Nachdem uns während der Planung der neuen Lesesaison im Frühjahr 2012 aufgefallen war, dass wir bisher nur Lesebühnen eingeladen hatten, die als reine „Männergesangs-Vereine” auftraten, mussten wir schnell Abhilfe schaffen. Und flux haben wir nach derjenigen gesucht, die am besten dieses Vakuum ausfüllen kann: Kirstin Fuchs. 
 
Und bestärkt wurden wir dadurch, dass die Berliner Lesebühne LSD - im Juni 2012 bei uns zu Gast – ihr sogar einen Text gewidmet hat (als Teil der scheinbar legendären Lesebühnen-Fahrt nach Marburg).
 
Kirsten Fuchs wurde in Karl-Marx-Stadt geboren und ist in Berlin aufgewachsen. 2003 gewann sie den renommierten Literaturwettbewerb „Open Mike“.
 
Kirsten Fuchs war Mitglied verschiedener Berliner Lesebühnen, seit 2008 liest sie bei der Chaussee der Enthusiasten.
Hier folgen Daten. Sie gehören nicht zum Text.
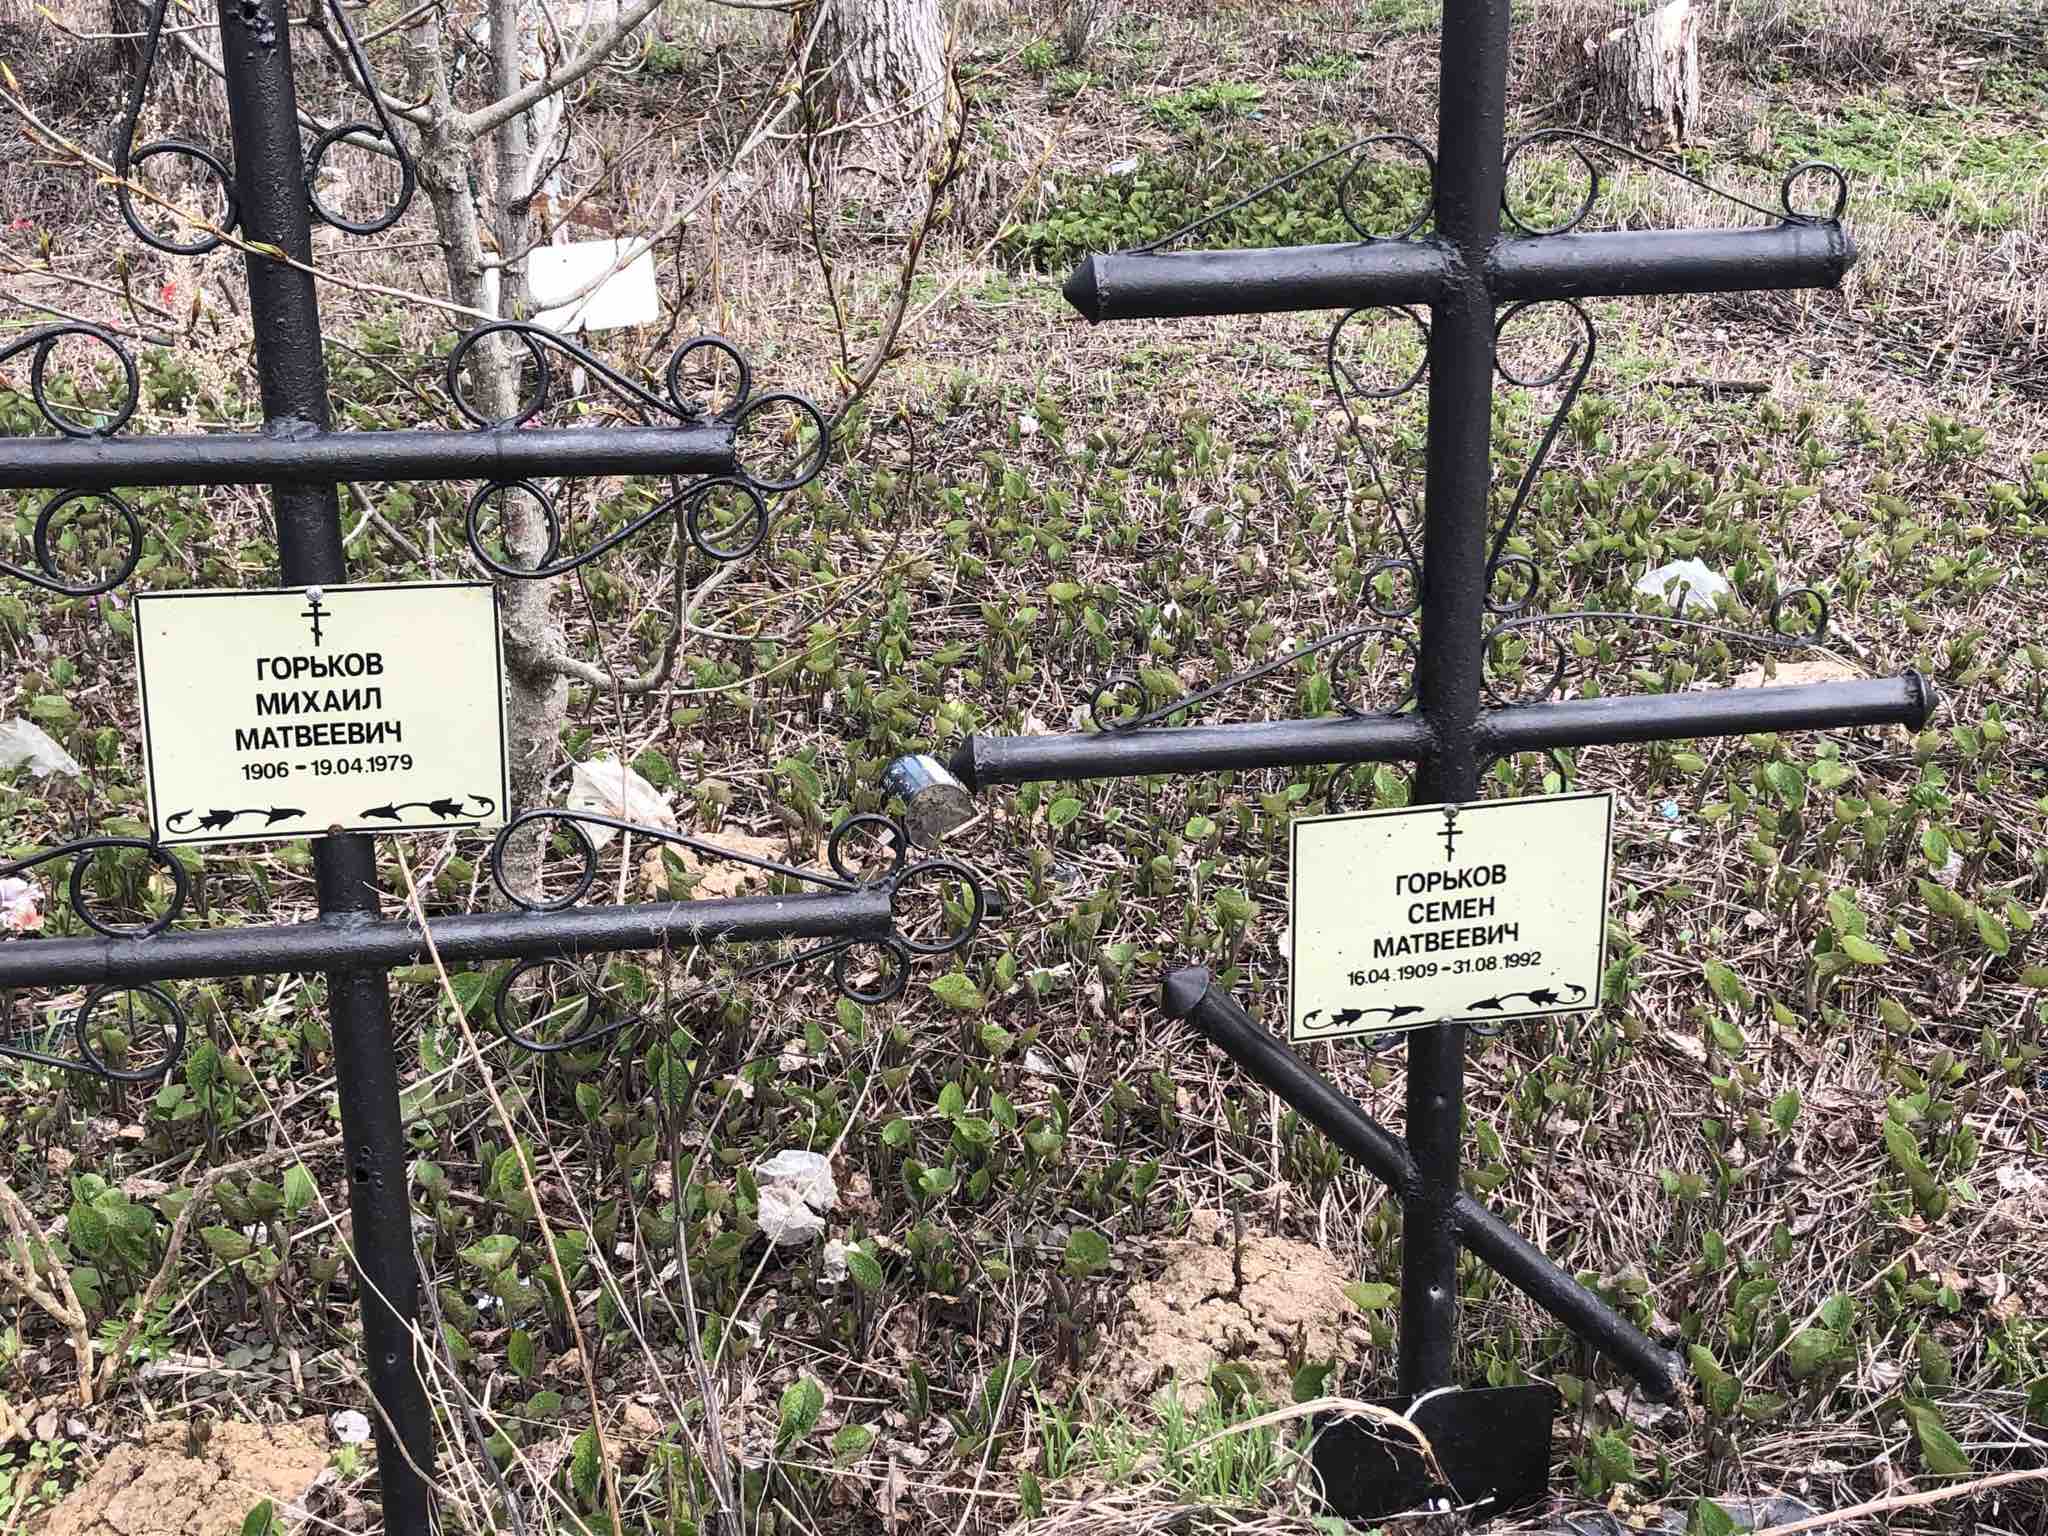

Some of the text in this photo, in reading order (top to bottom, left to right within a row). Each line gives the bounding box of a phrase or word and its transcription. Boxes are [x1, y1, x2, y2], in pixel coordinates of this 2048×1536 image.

[256, 652, 384, 681] ГОРЬКОВ
[255, 687, 382, 716] МИХАИЛ
[235, 720, 402, 752] МАТВЕЕВИЧ
[241, 761, 289, 781] 1906
[310, 753, 413, 777] 19.04.1979
[1396, 863, 1507, 896] ГОРЬКОВ
[1407, 895, 1495, 925] СЕМЕН
[1373, 922, 1519, 959] МАТВЕЕВИЧ
Von 2003 bis 2005 war sie Kolumnistin für die taz. Seit 2007 schreibt sie für Das Magazin. Zuletzt erschienen: „Zieh dir das mal an!“, „Heile, heile“ und „Nicht der Süden“ (zusammen mit Volker Strübing).
 
Die Lesebühnenautorin beschreibt in „Eine Frau spürt so was nicht“ eine absurde Welt zwischen Beziehungsproblemen, nervigen Mitmenschen, Katzen und einem vorlauten inneren Kind.
 
Ihre Geschichten entspringen einem ernsthaften Nachdenken über die Welt, aber sie sind auch originelle und (selbst-)ironische Gesellschaftsanalysen voller Humor und Sprachwitz.

Diese Lesung findet in Kooperation mit der Buchhandlung Hugendubel statt.
Eintrittskarten gibt es ebendort zum Einheitspreis von 7,– EUR.